Neither neurosurgeon testified at the Remigis hearing but Charles Tator, who works with both surgeons at Toronto Western Hospital, did. He did not provide figures to dispute the number of brainstem cavernoma operations Drs. Wallace and Tymianski had completed, but said he believed three was enough to make a surgeon proficient, given their experience in that area of the brain.

Dr. Wallace said he has been happy to do follow up treatment, which the Remigis family described as excellent.

"I have no trouble with a Canadian individual wanting more than the Canadian health care system can provide, but that operation could have easily been done by Dr.

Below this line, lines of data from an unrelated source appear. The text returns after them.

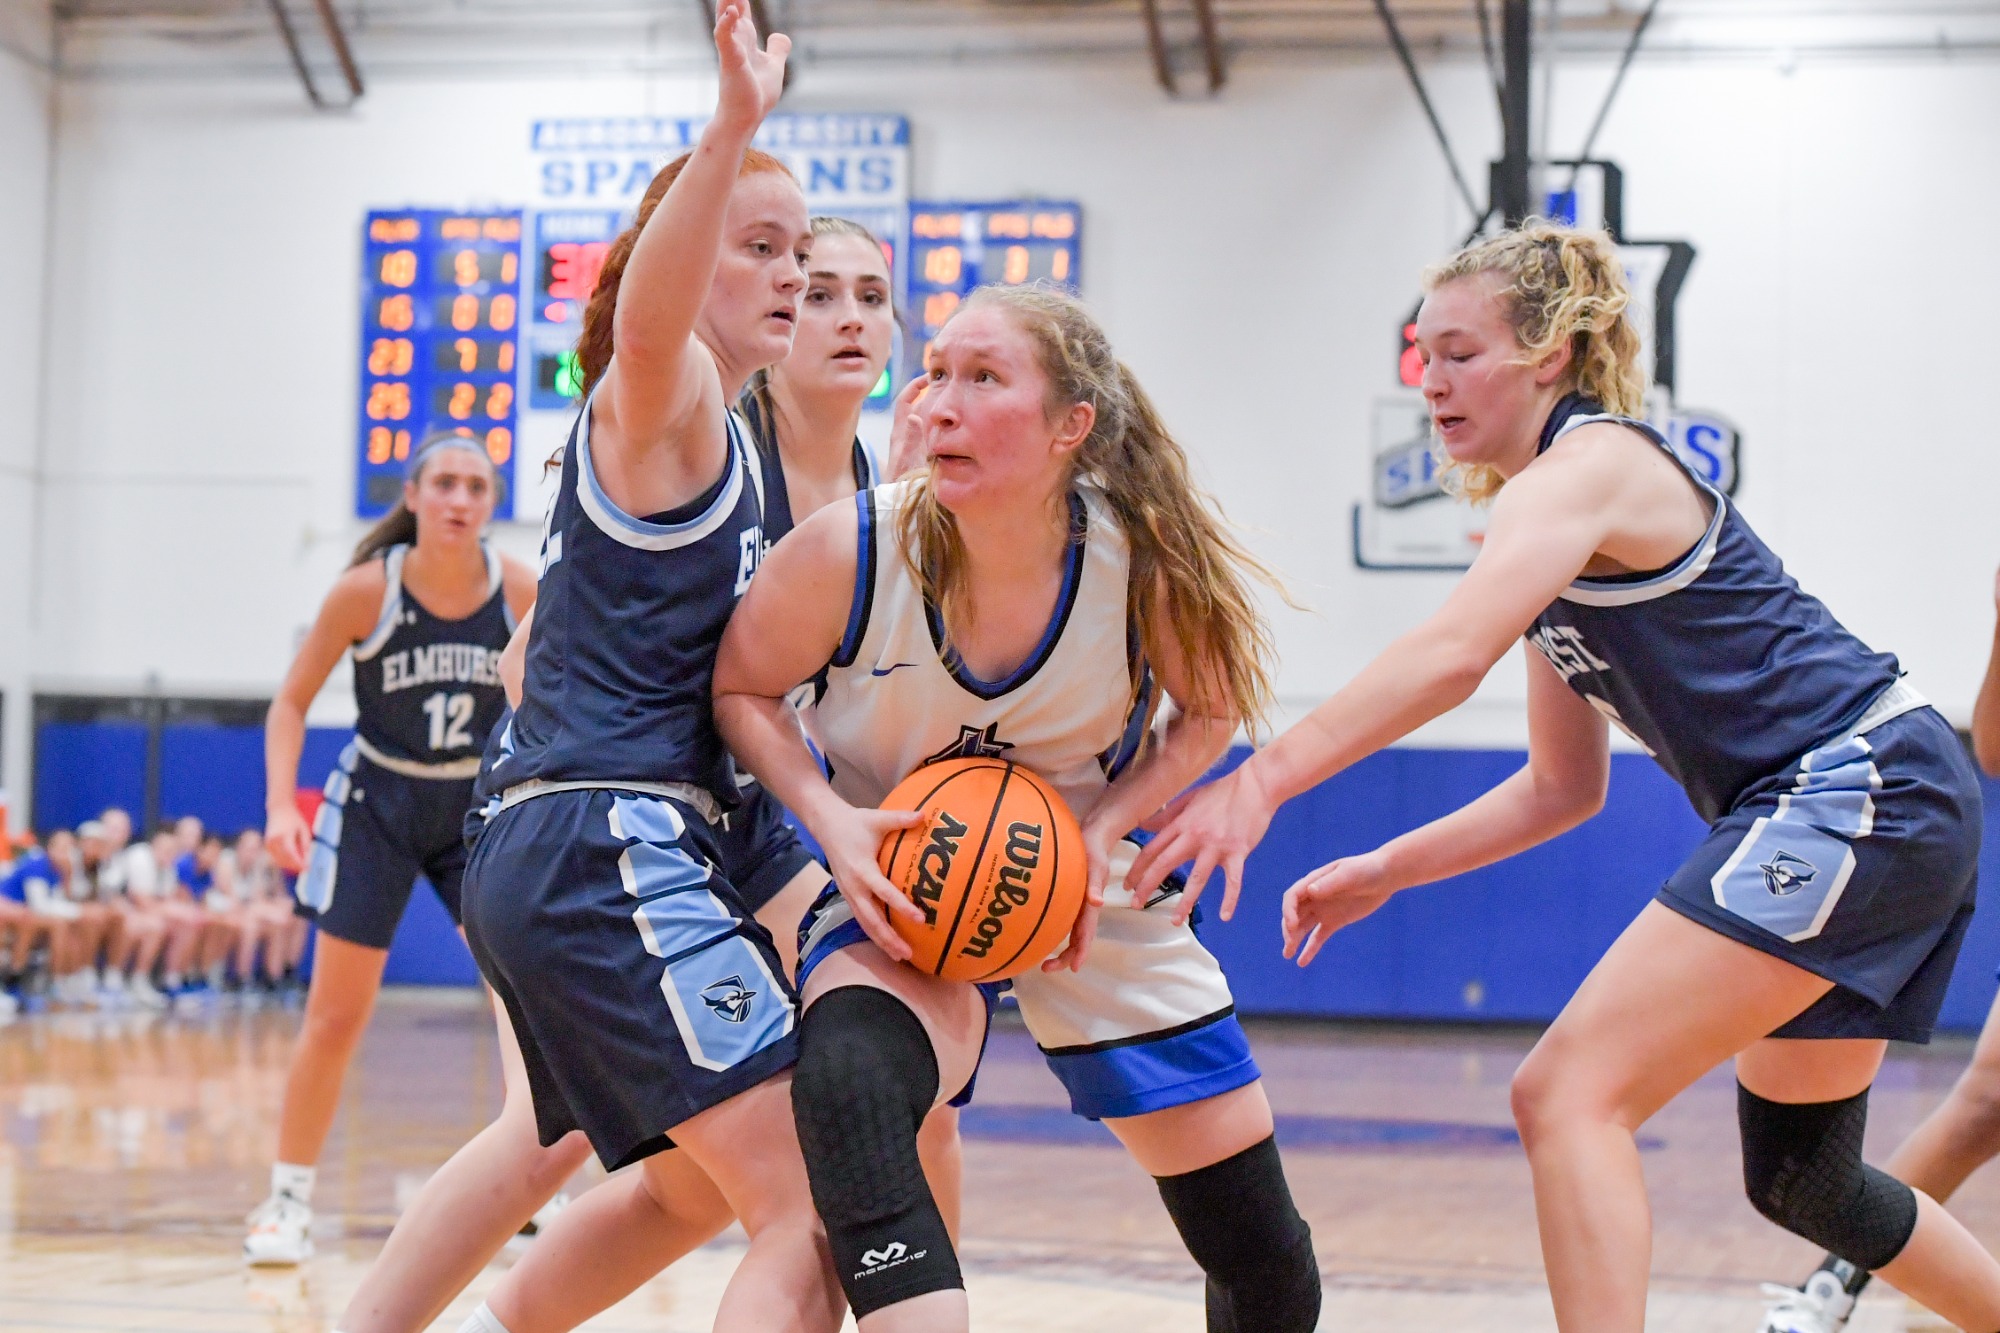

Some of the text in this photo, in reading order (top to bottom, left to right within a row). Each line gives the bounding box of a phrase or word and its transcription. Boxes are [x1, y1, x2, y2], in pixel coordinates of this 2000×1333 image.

[541, 157, 894, 197] SPANS
[502, 252, 518, 284] 1
[1052, 248, 1069, 281] 1
[498, 340, 515, 372] 1
[449, 382, 476, 420] 2
[486, 382, 513, 420] 2
[382, 642, 504, 693] ELMHURS
[422, 691, 475, 751] 12
[961, 820, 1043, 959] Wilson
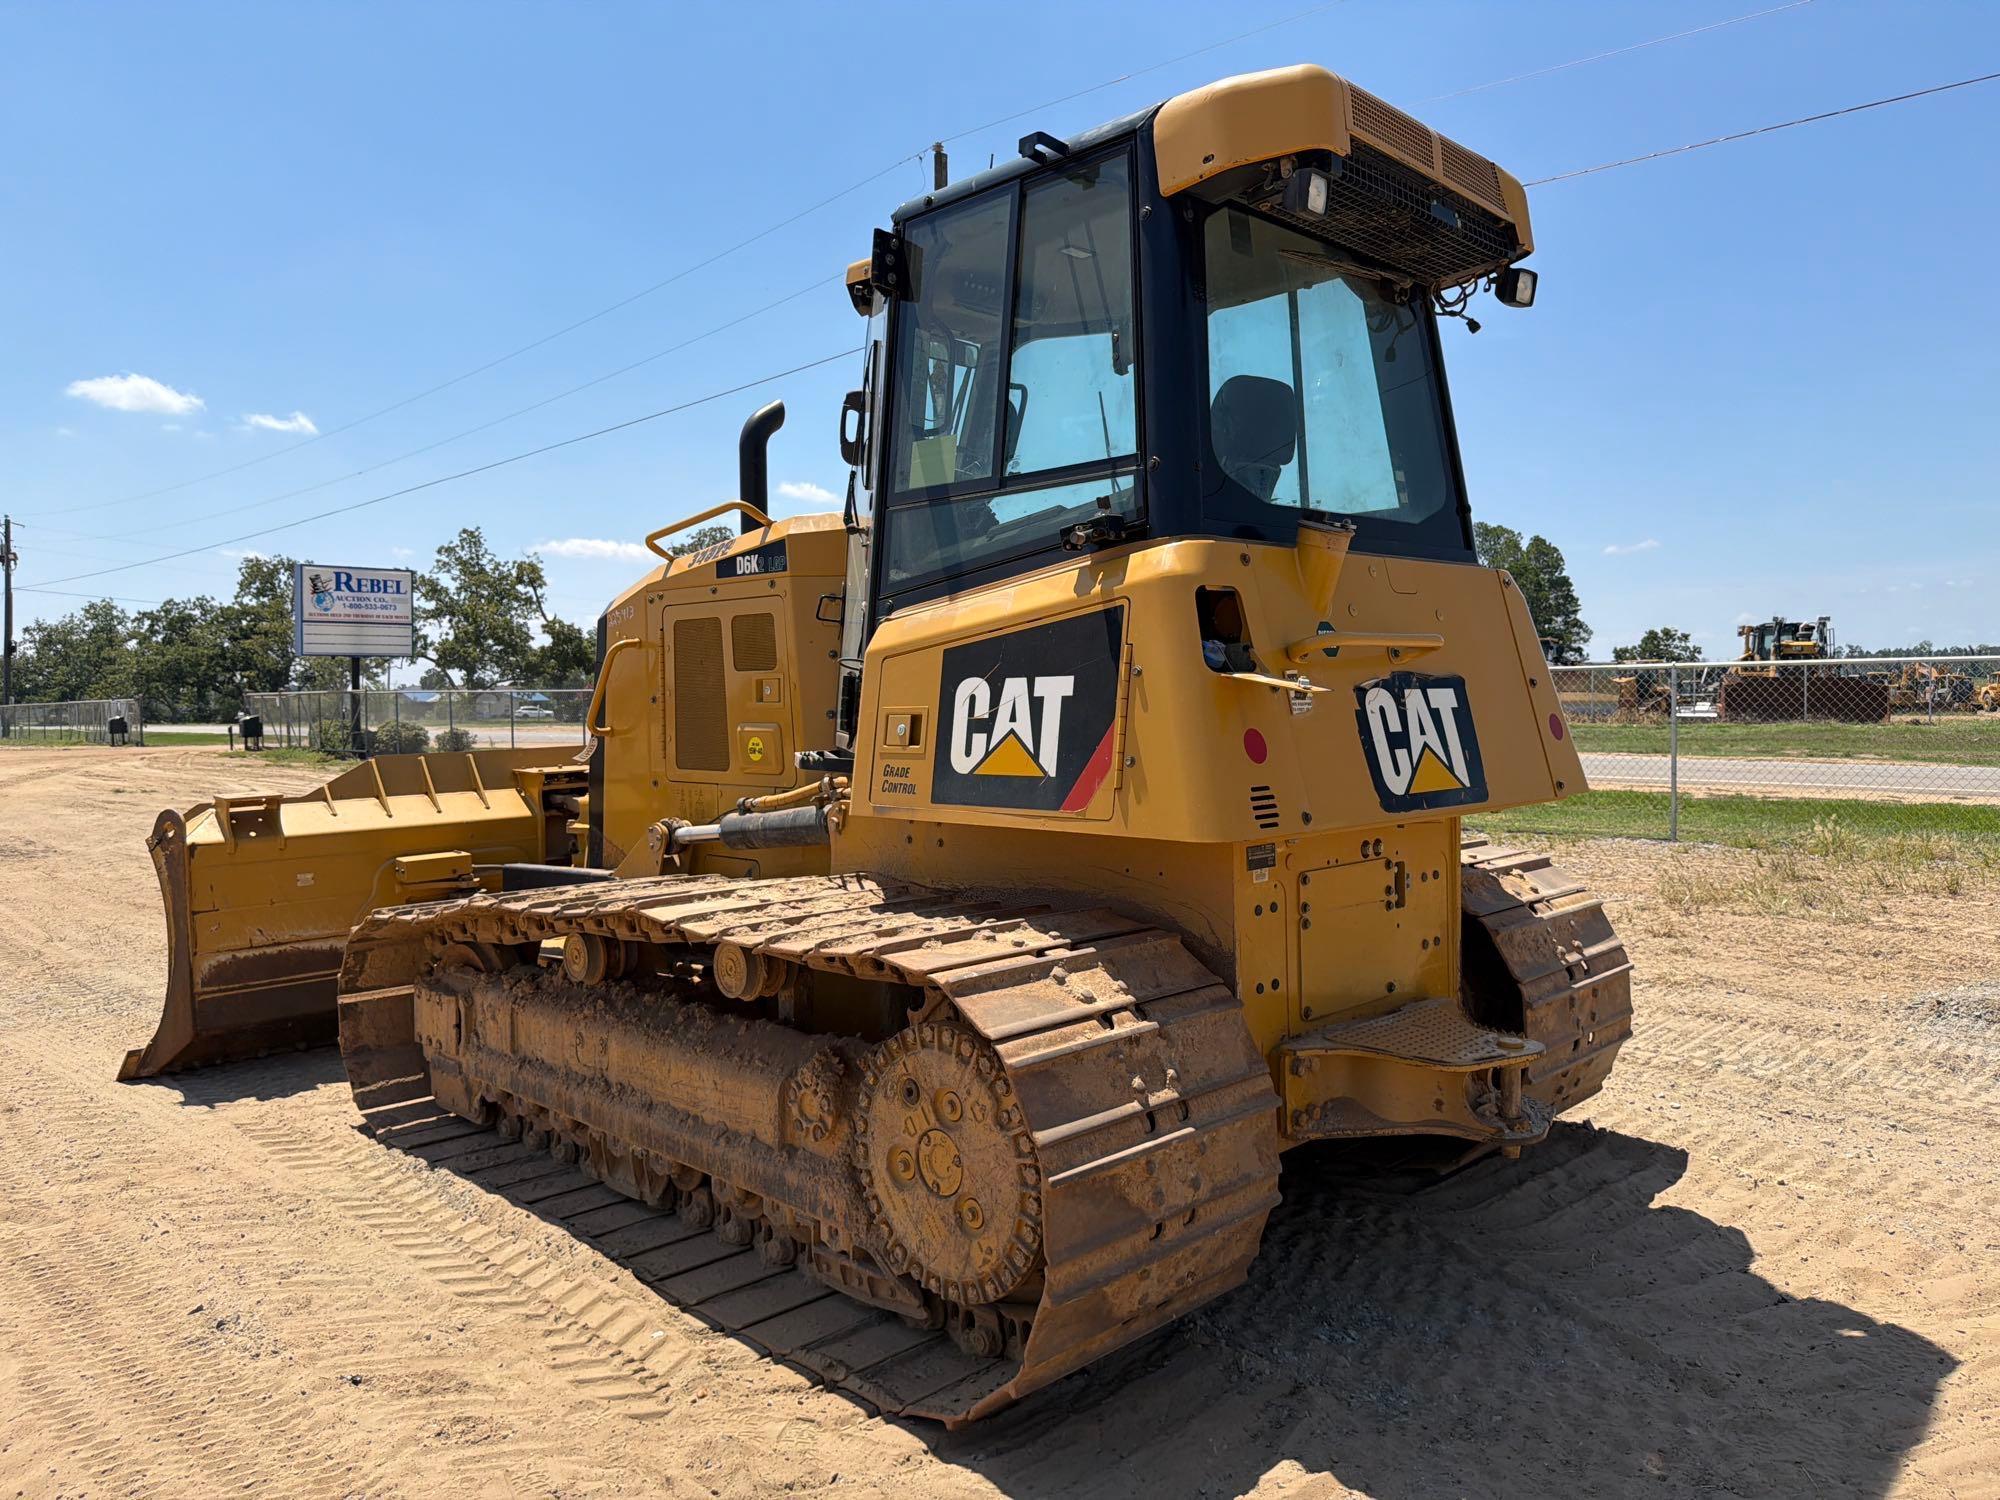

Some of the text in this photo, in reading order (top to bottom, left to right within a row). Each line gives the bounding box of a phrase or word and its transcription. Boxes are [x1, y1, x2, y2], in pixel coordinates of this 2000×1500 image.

[333, 572, 408, 594] REBEL
[343, 603, 397, 611] 1-800-533-0673
[950, 675, 1075, 778] CAT
[1365, 687, 1471, 796] CAT
[883, 763, 911, 778] GRADE
[881, 779, 917, 794] CONTROL
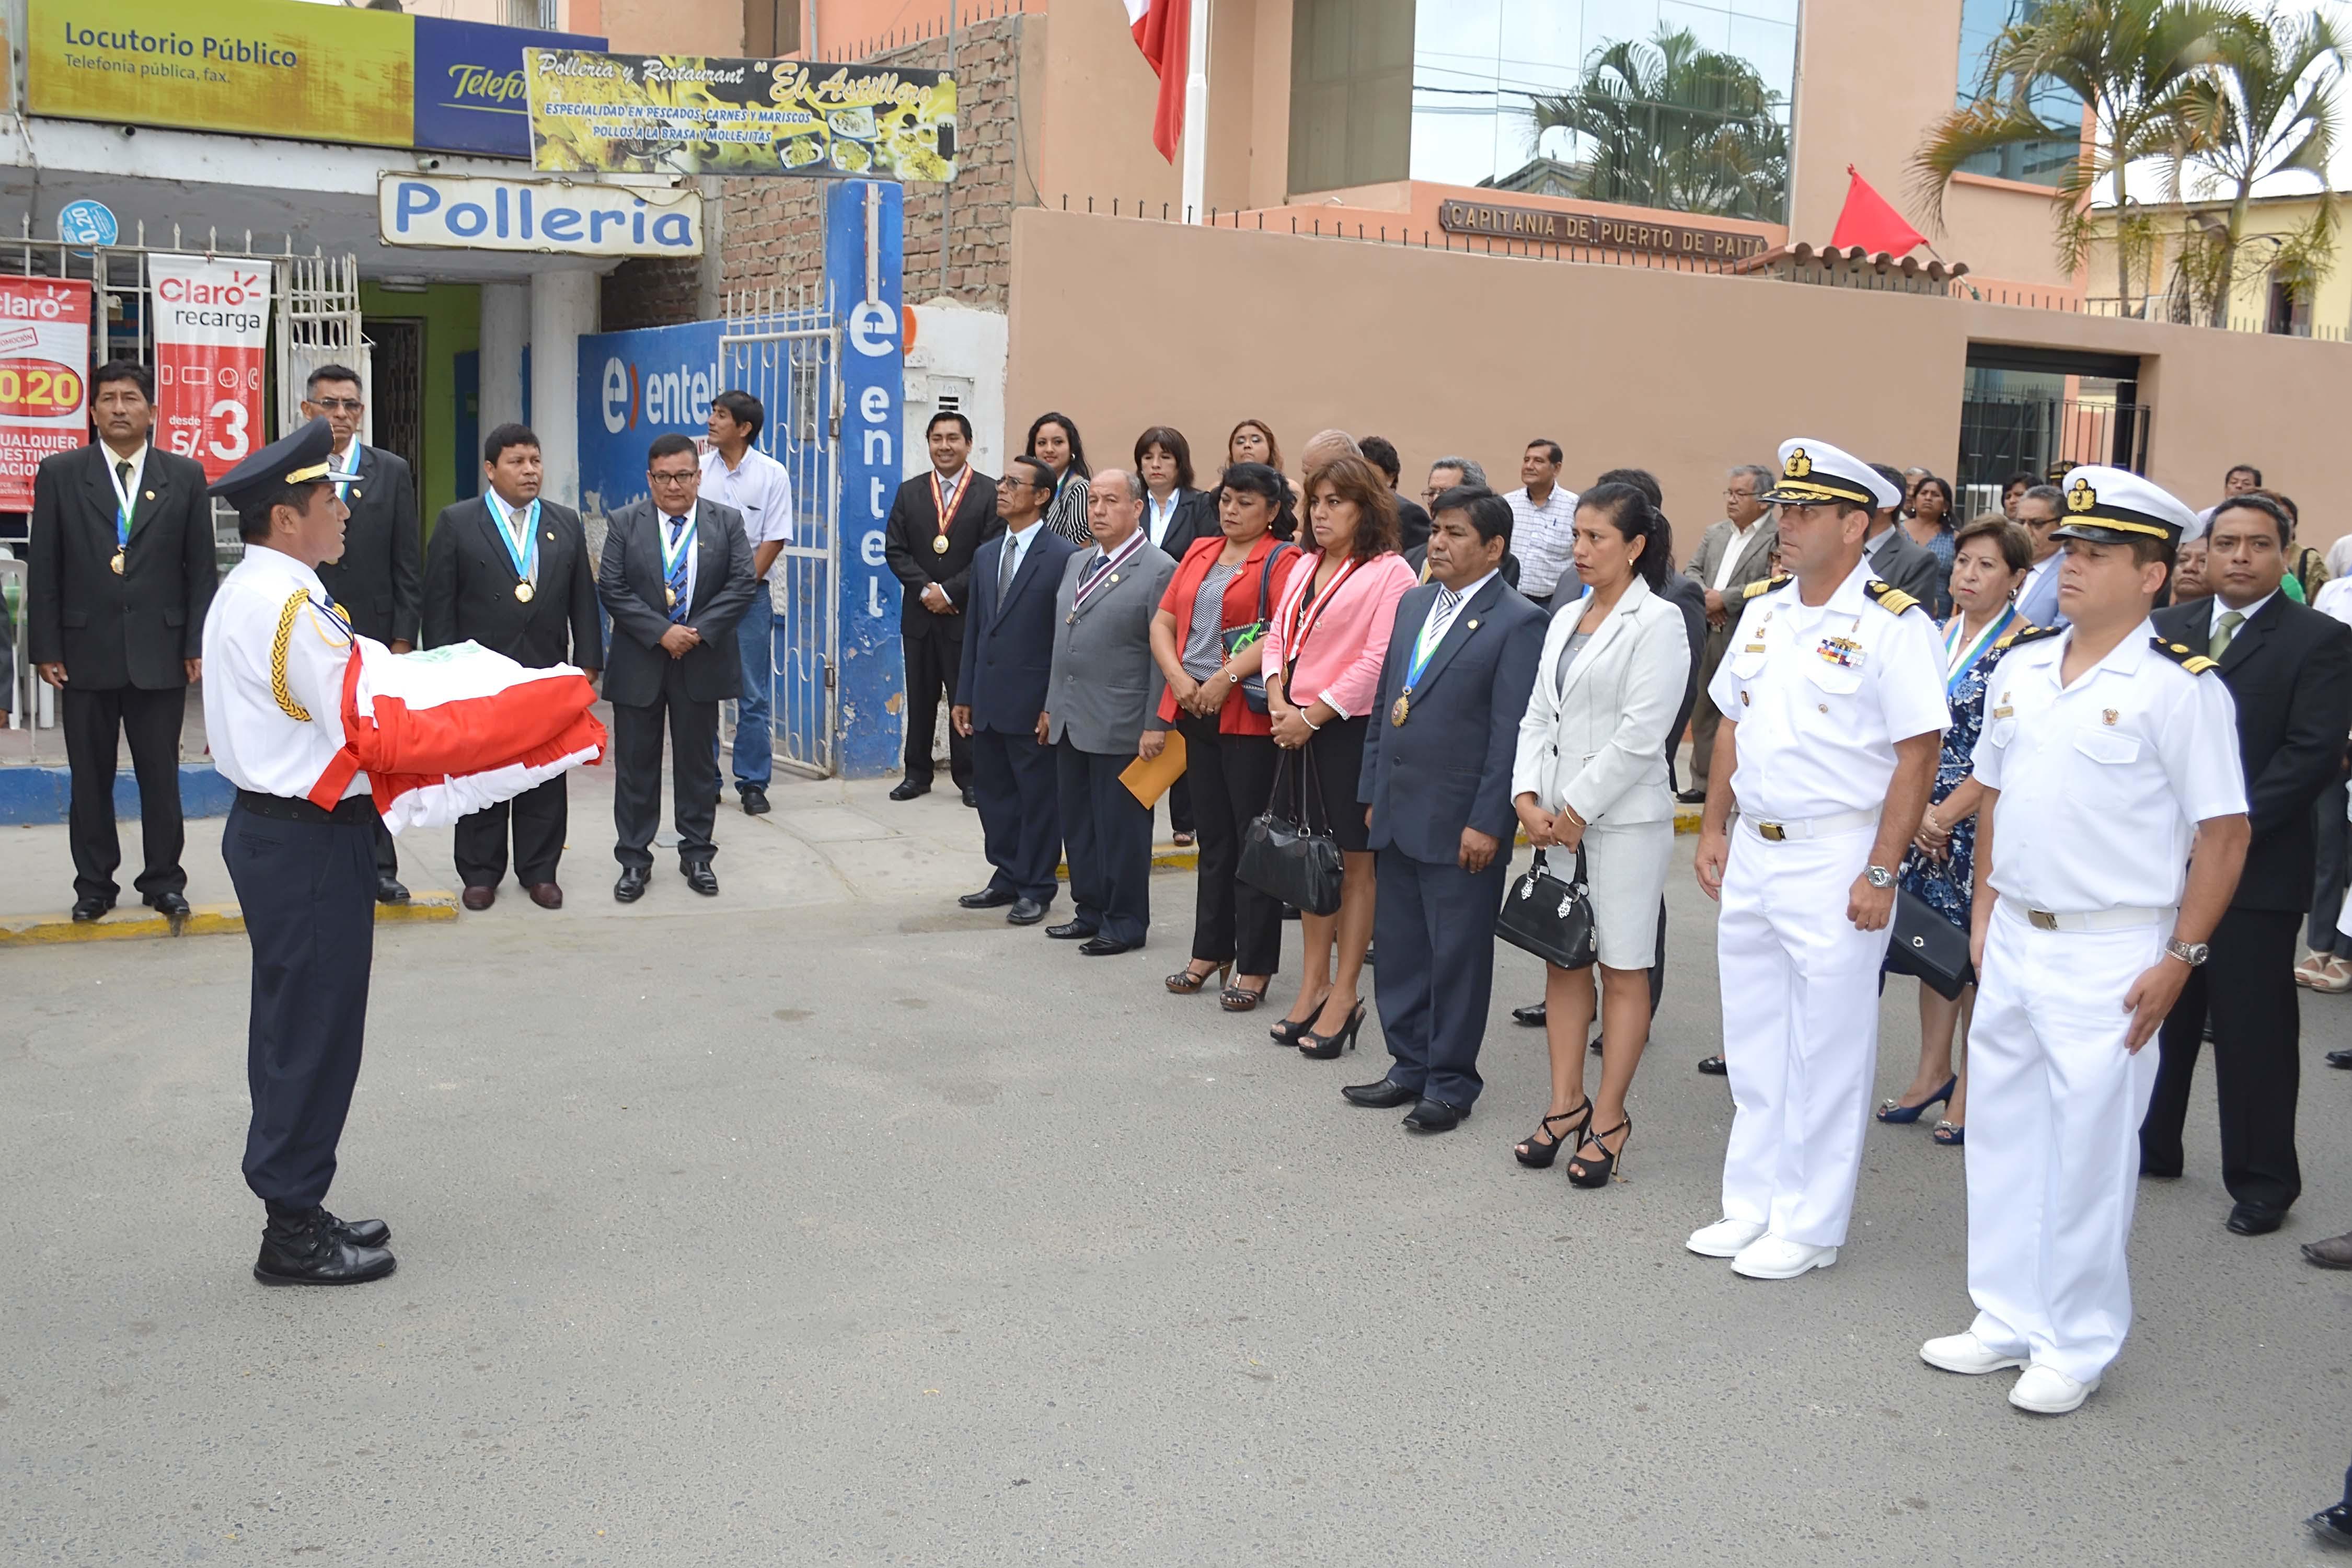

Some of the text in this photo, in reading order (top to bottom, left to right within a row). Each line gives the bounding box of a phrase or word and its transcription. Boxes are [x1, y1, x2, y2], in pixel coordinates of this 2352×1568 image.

[65, 22, 297, 67] Locutorio Público
[203, 67, 230, 84] fax.
[538, 53, 615, 77] Polleria
[622, 66, 634, 84] y
[642, 59, 745, 84] Restaurant
[545, 103, 811, 123] ESPECIALIDAD EN PESCADOS, CARNES Y MARISCOS
[593, 126, 771, 143] POLLOS A LA BRASA Y MOLLEJITAS
[396, 182, 695, 247] Polleria
[1450, 205, 1764, 257] CAPITANIA DE PUERTO DE PAITA
[0, 292, 60, 318] laro
[159, 277, 245, 306] Claro
[176, 310, 261, 332] recarga
[646, 362, 717, 425] entel
[169, 415, 201, 426] desde
[171, 399, 249, 460] S/. 3

Tymianski or myself," he said, adding he thought that together they had done "way more" than nine brain stem cavernoma operations as of 2005.

Ontario Health Ministry spokesman Andrew Morrison said the government is abiding by the decision to reimburse the family for the "rare and unique" operation but could not speculate on what would happen with future cases. Lori Coleman, registrar of the Health Services Appeal and Review Board, declined to comment on the ruling.

As for the patient, Brad Remigis says life is good. At 6 feet 2 inches tall, he looks like the picture of health. He has had two operations on his left eye, which has improved the double vision he sometimes experiences.

The ordeal, he said, has taught him the importance of a champion - like the ones he had in his lawyer and parents. He hopes that by becoming a lawyer, he can help others the same way.

"I want other people," he said "To know to not give up hope."